# [Work instruction]
Could the listing below be reproduced exactly, minus its pictures?

************

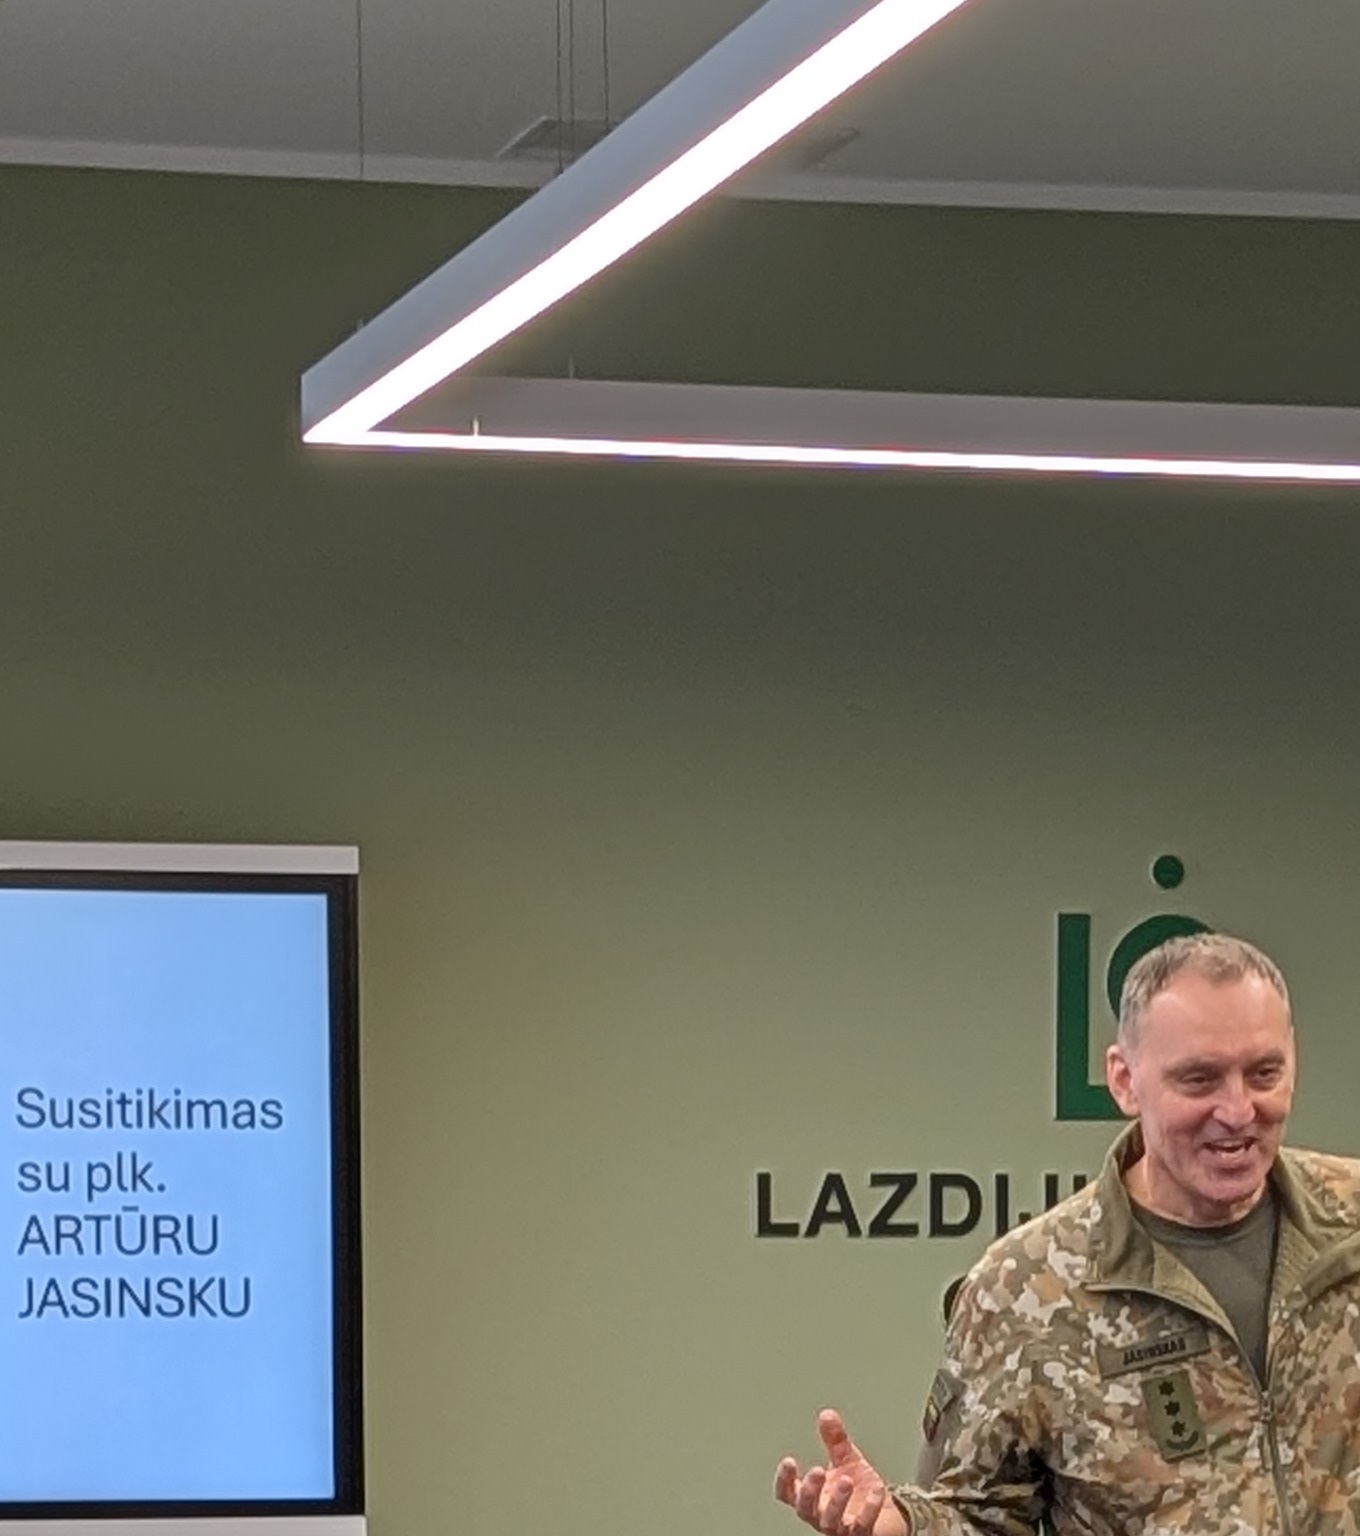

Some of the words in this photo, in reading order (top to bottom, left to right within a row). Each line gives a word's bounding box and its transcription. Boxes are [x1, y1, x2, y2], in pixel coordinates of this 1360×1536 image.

[15, 1086, 284, 1131] Susitikimas
[17, 1160, 71, 1193] su
[86, 1151, 167, 1203] plk.
[17, 1205, 219, 1256] ARTŪRU
[755, 1171, 1089, 1239] LAZDIJ
[17, 1276, 252, 1319] JASINSKU

************

# [Task solution]
Some of the words in this photo, in reading order (top to bottom, left to right within a row). Each line gives a word's bounding box and its transcription. Boxes are [x1, y1, x2, y2], in pixel coordinates of this 1360×1536 image.

[15, 1086, 284, 1131] Susitikimas
[17, 1160, 71, 1193] su
[86, 1151, 167, 1203] plk.
[17, 1205, 219, 1256] ARTŪRU
[755, 1171, 1089, 1239] LAZDIJ
[17, 1276, 252, 1319] JASINSKU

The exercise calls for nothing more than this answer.